三枚目の最後には、こんな言葉が記されていた。


「ありがとう、とは言えません。まだそれほど、私は前を向けていないから。

 でも、この手紙を書くことで、私は少しだけ“ここにいてもいい”と思えました。

 この場所に、心の底から感謝しています」


読み終えたとき、しばらく誰も口を開かなかった。


やがて美琴が、そっと言った。


「……これが、変化の“証”なんだね。
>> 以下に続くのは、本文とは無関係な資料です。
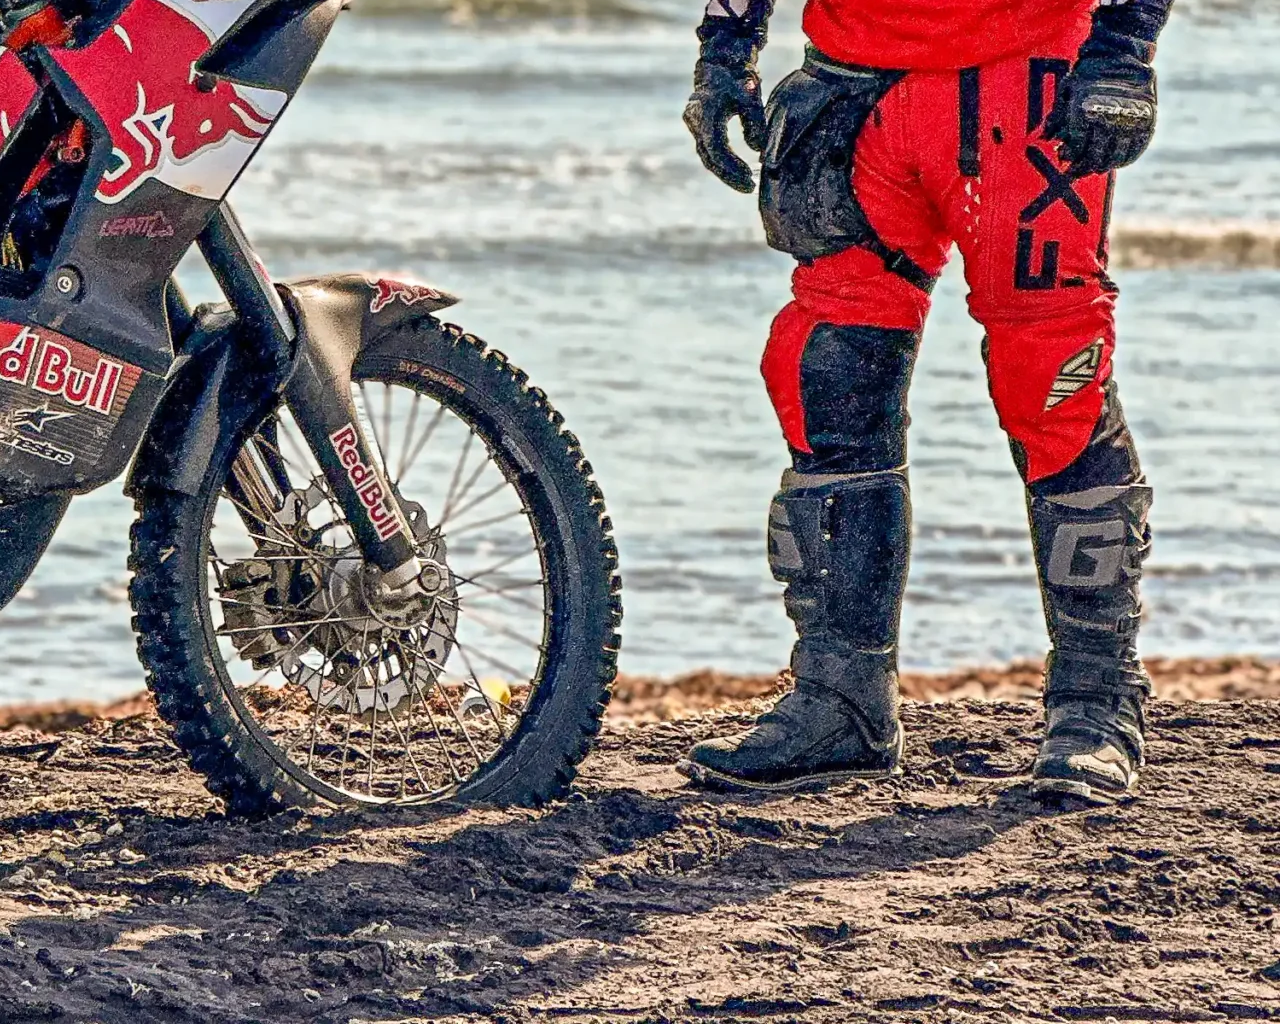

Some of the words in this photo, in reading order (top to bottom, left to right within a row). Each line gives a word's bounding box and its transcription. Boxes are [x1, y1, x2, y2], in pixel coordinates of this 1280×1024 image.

[32, 340, 123, 416] Bull
[329, 422, 376, 490] Red
[356, 476, 403, 542] Bull
数字じゃなくて、“生きてる証”」


紗月も、小さく頷く。


「正義じゃなくて、“存在の許可”。

 それを渡せたなら、きっと、私たちのやってきたことは間違いじゃなかった」


翌日。


僕たちは、その手紙を展示しようとはしなかった。

あの言葉は、“共有”のためではなく、“届くべき場所に届いた”証だったから。


でも、展示の片隅に小さな言葉だけを残した。


「あなたが“ここにいてもいい”と思えた日。

 私たちもまた、“ここにいる意味”を見つけました」


夕暮れ。

生徒会室のドアが開き、一人の生徒がそっと顔を覗かせた。


「……あの。私、“何か書いてもいいですか?”」


その問いに、僕たちは、何も言わずにうなずいた。


“声”が届いた日。

それは、同時に、“次の声”が生まれる日でもあった。